What do Google, the sewing machine, and the periodic table have in common? They were all inspired by a dream. While ‘dreamers’ are not often taken seriously, there is a serious need for more dreams, believes Sharonna Karni Cohen, Founder of Dreame, a venture which turns people’s dreams into art.
This year, inspired by International Peace Day, on September 21, which often goes unnoticed in Israel, Cohen spearheaded a collaborative effort to inspire more dreams. The hour-long commemoration took place at the Peres Center for Peace and Innovation, on a mission to gather dreamers together and share dreams for 2030, giving focus to peace, sustainability, and the environment. Other collaborators included the British Embassy in Israel, The Ramon Foundation, EMIS, ZAZ10TS, and the Malchut Production House & Creative Agency.
Dreams were shared by Palestinian, Israeli, and Afghan teenagers, whose dreams shared similar threads of wanting peace, coexistence, and acceptance between people. Palestinian rapper, Sameh Zakout, shared his dream “to not be judged by my ethnicity, religion, gender, sexuality. Just treated as a human being, period.”
The event was held in Arabic, Hebrew, and English, and was a lead-up to The Big Dream, a project to create the largest collective artwork which began in 2017 and culminated in a spread of over 1,500 yoga mats in Tel Aviv’s Kikar Rabin on Yoga Day.

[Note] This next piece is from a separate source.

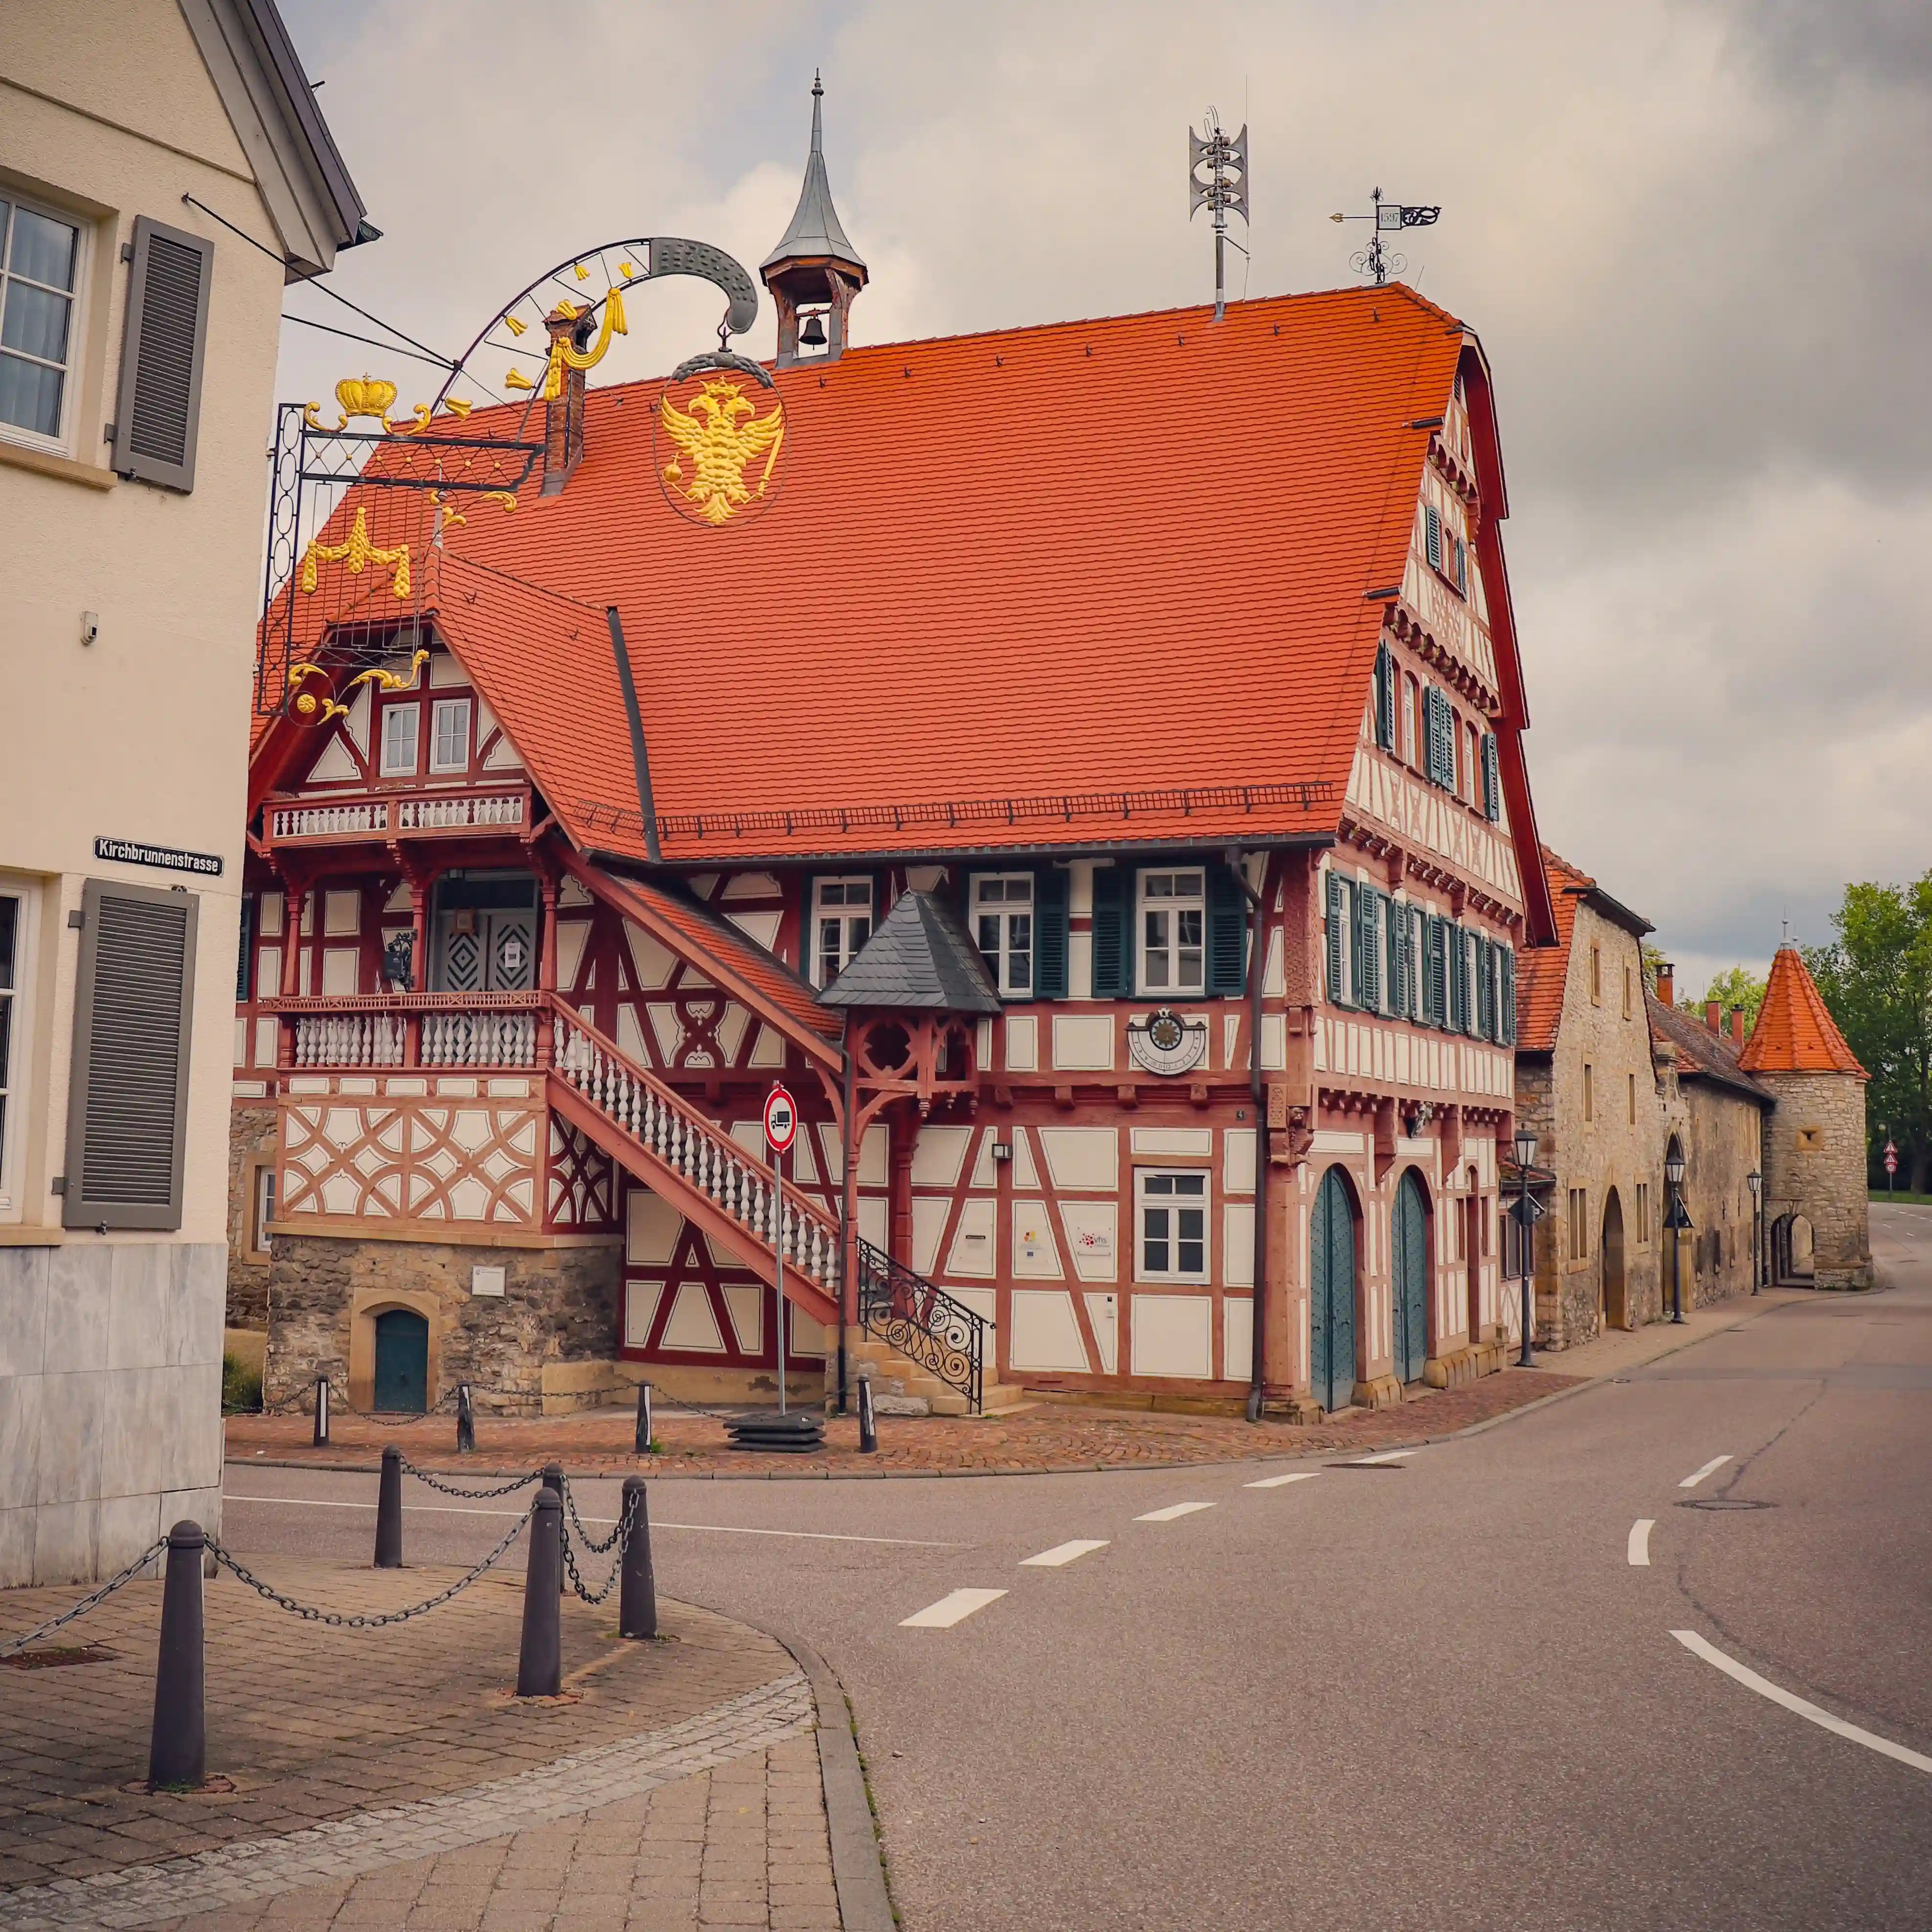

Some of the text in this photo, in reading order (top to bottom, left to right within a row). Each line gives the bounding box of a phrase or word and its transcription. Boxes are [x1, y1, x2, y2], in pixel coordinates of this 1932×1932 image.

[1381, 212, 1400, 222] 1597
[99, 839, 218, 872] Kirchbrunnenstrasse
[1094, 1235, 1107, 1243] vhs

Since then, Cohen has been on a mission to gather 100,000 dreams from across the world to create the next massive mosaic art piece, which will be unveiled on February 2, 2022, in cities around the world, and will even take a trip to outer space with the International Space Station as part of the ‘Sky’ mission. So far, 40,000 dreams have been collected and will be displayed in Iceland, Australia, Mexico, North America, Japan, and England, to name a few.
To Cohen, a dream is “our imagination and ability to create a world with our minds, which makes it possible to turn it into reality, and this is our superpower. No robot will ever be as powerful as a creative mind. These days, we spend so much time on video calls looking at boxes, but we need to spend more time thinking out of the box.”
For the many cynics she encounters daily Cohen adds: “Between dreaming and not dreaming, why not dream?”
To share your dream, visit here.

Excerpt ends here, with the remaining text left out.